Erhält der Mieter Leistungen für die Unterkunft und Heizung an sich gezahlt und setzt diese aber nicht für die Erfüllung seiner Mietzinsverpflichtung ein, steht die Zahlung der Leistungen für die Unterkunft und Heizkosten an den Vermieter nach § 22 Abs. 7 S. 2 SGB II im Ermessen des Jobcenters oder der sonst zuständigen Sozialbehörde. Regelbeispiele für eine nicht zweckentsprechende Verwendung der Mittel zeigt § 22 Abs. 7 S. 3 SGB II auf. Hierzu gehören nach dessen Nr. 1 auch Mietrückstände, die eine fristlose Kündigung rechtfertigen, d.h. dass der Mieter für zwei aufeinander folgende Termine mit der Entrichtung der Miete oder eines nicht unerheblichen Teils der Miete in Verzug ist oder in einem Zeitraum, der sich über mehr als zwei Termine erstreckt, mit der Entrichtung der Miete in Höhe eines Betrages in Verzug ist, der die Miete für zwei Monate erreicht, § 543 Abs. 2 BGB (siehe hierzu aktuell auch LSG Hessen v. 24.2.2023 – L 7 AS 41/22). Nach § 22 Abs. 7 S. 3 Nr. 4 SGB II kann auch die anderweitig begründete Eintragung im Schuldnerverzeichnis ein Indiz für eine baldige nicht mehr zweckentsprechende Verwendung der Mittel geben, die eine Direktzahlung an den Vermieter rechtfertigt.

 

Hinweis

Da die Zahlung an den Vermieter hier nicht auf dem Willen – Antrag – der leistungsberechtigten Person beruht, ist ihr dieses Vorgehen einerseits anzudrohen und ihr anderseits Gelegenheit zur Stellungnahme zu geben. In der sozialrechtlichen Literatur wird eine restriktive Anwendung der Möglichkeit empfohlen, um der Gefahr einer Entmündigung des Leistungsberechtigten zu begegnen und ihm möglichst nicht die Eigenverantwortung für den verantwortungsvollen Umgang mit den ihm zur Verfügung gestellten Mitteln abzunehmen. (BeckOGK/Lauterbach, Stand 1.12.2021, SGB II § 22 Rn 130). Andererseits ist das gesetzgeberische Ziel zu sehen, dass Transferleistungen der Zweckbestimmung entsprechend verwendet werden und dem öffentlichen Interesse an der Vermeidung von Wohnungslosigkeit Rechnung getragen wird (BT-Drucks 17/3404, S. 98).

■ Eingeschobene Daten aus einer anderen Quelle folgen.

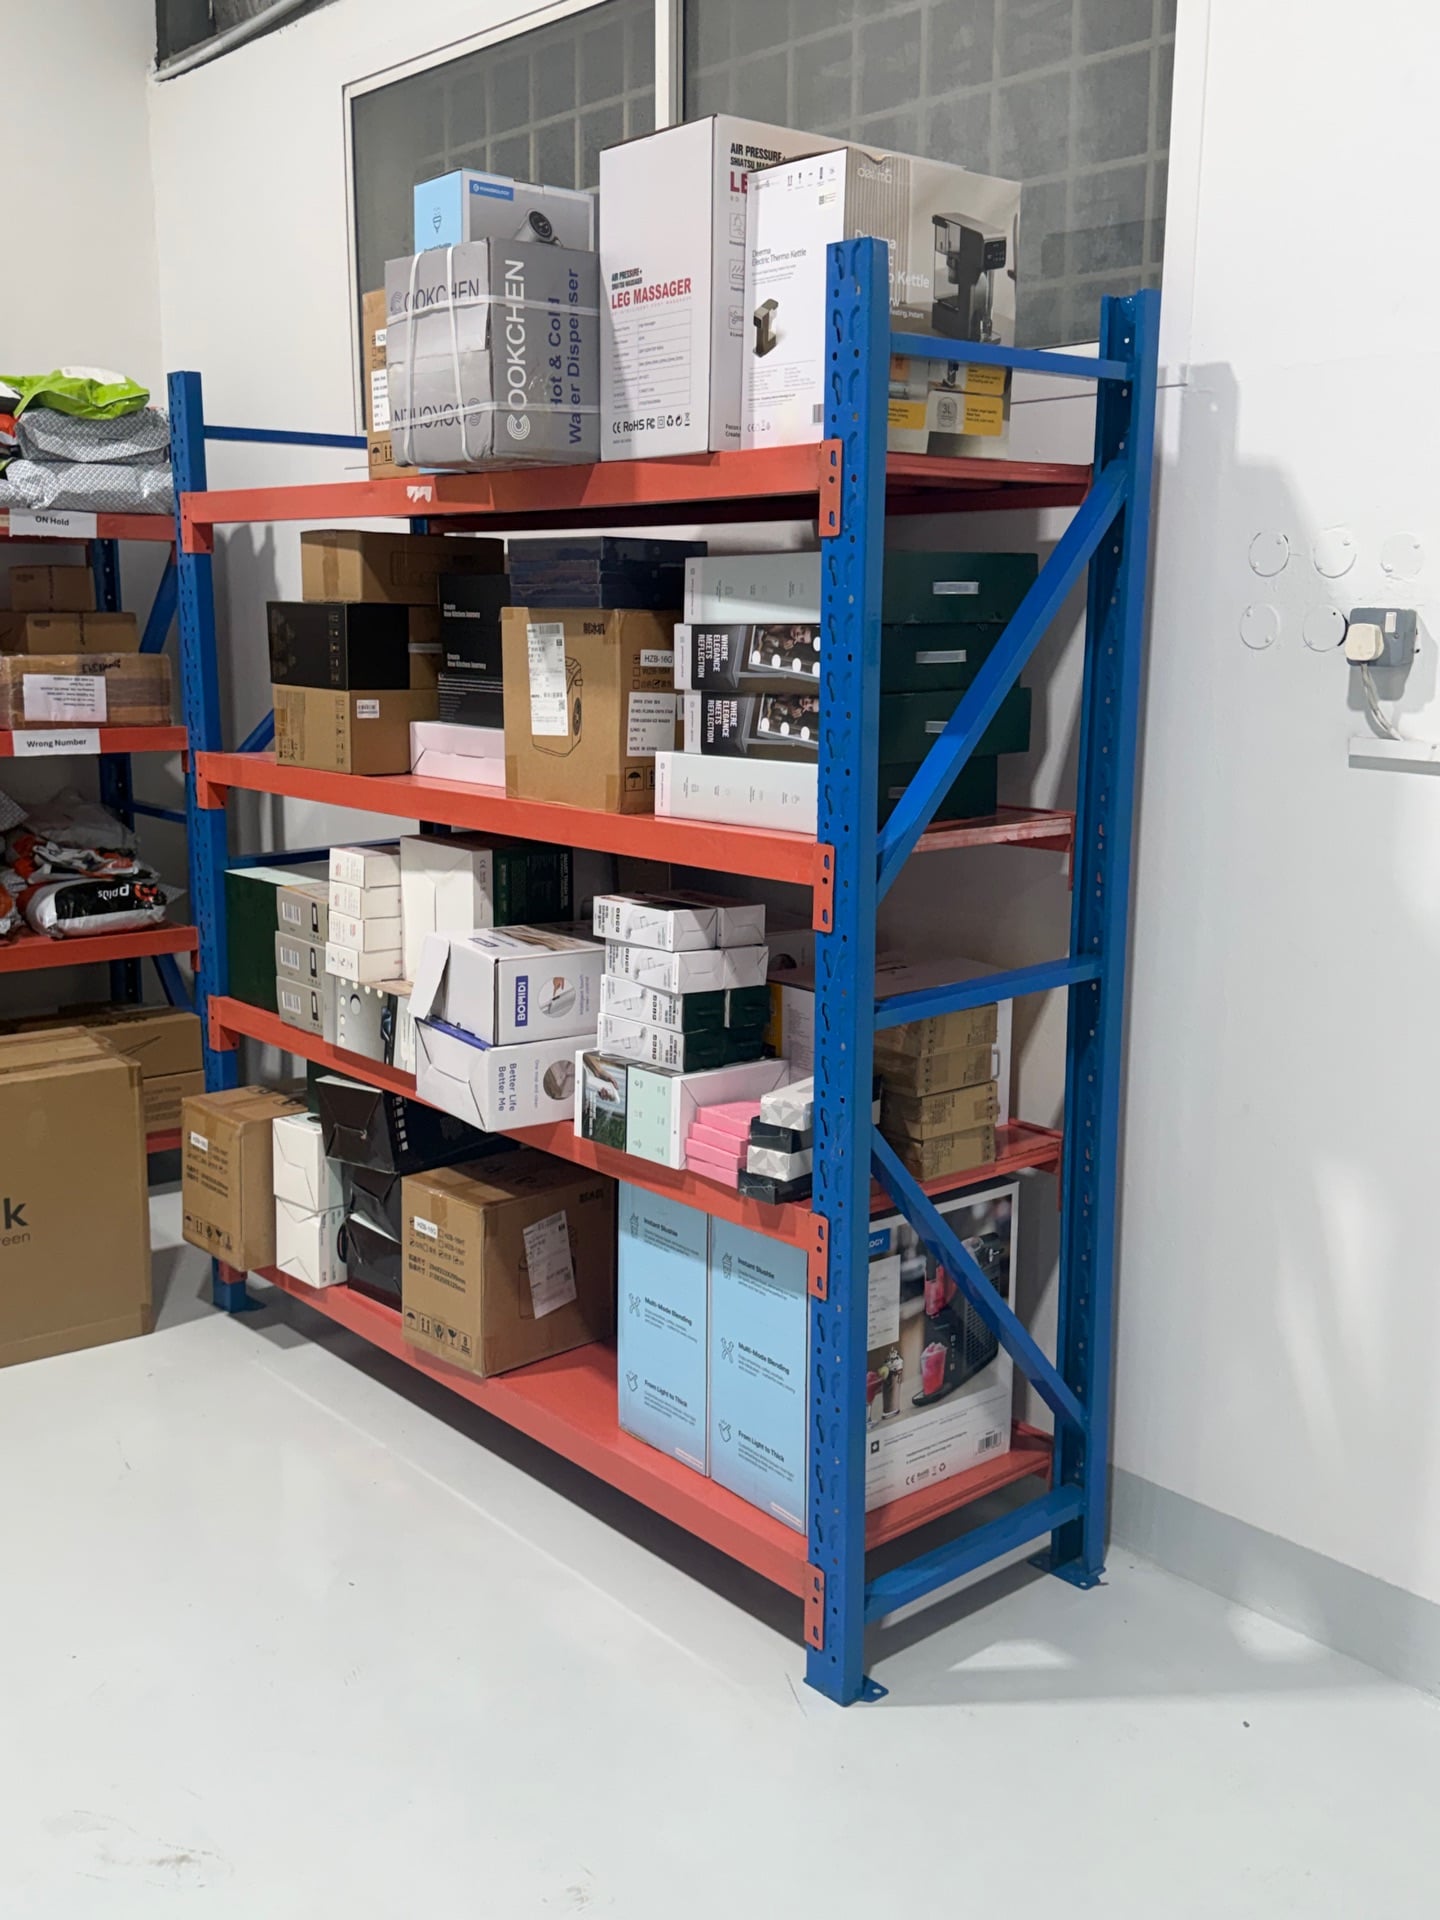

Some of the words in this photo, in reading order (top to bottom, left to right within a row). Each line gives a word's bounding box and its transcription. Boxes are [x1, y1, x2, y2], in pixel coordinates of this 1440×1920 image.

Androhung der fristlosen Kündigung fördert die Verfahrensweise

Auf eine Leistungserbringung nach § 22 Abs. 7 SGB II soll nach den Empfehlungen der Literatur verzichtet werden, wenn das Ende einer wirtschaftlichen Notlage des Leistungsberechtigten abzusehen und damit zu rechnen ist, dass es nicht zu einer Kündigung des Mietverhältnisses kommt. Es ist deshalb dem Vermieter dienlich, wenn er nach Zahlungsrückständen unter Darlegung der weiteren Voraussetzungen die fristlose Kündigung als Konsequenz aufzeigt und sie für den Fall weiterer Rückstände auch konkret androht. Entscheidend wird am Ende sein, dass eine konkrete und nicht nur eine abstrakte Gefahr der nicht zweckentsprechenden Verwendung der gezahlten Bedarfe für Unterkunft und Heizung besteht.

Der Vermieter ist gefragt

Da die leistungsberechtigte Person kaum selbst auf den Leistungsträger, das Jobcenter oder die sonst zuständige Sozialbehörde, zugehen wird, um mitzuteilen, dass sie gewährte Leistungen auf Bedarfe für Unterkunft und Heizung nicht zweckentsprechend verwendet, muss es dem Vermieter gestattet sein, auf den Leistungsträger zuzugehen, wenn der Mieter bereits Leistungen bezieht. Die Kontaktaufnahme des Vermieters ist dann nach Art 6 Abs. 1 lit b), e) und f) DSGVO gerechtfertigt.

 

Hinweis

Bezieht der Mieter noch keine Leistungen nach dem SGB II, ist die Frage schwieriger zu beantworten. Der Vermieter hat keinen Anspruch darauf, dass der Mieter solche Leistungen beantragt. Insoweit kann er mit Einwilligung des Mieters und im Sinne von Hilfestellungen eine solche Antragstellung nur gegenüber dem Mieter anregen und dann selbstverständlich auch auf der Grundlage einer entsprechenden Einwilligung auf den Leistungsträger zugehen, damit dieser der leistungsberechtigten Person Hilfe anbietet.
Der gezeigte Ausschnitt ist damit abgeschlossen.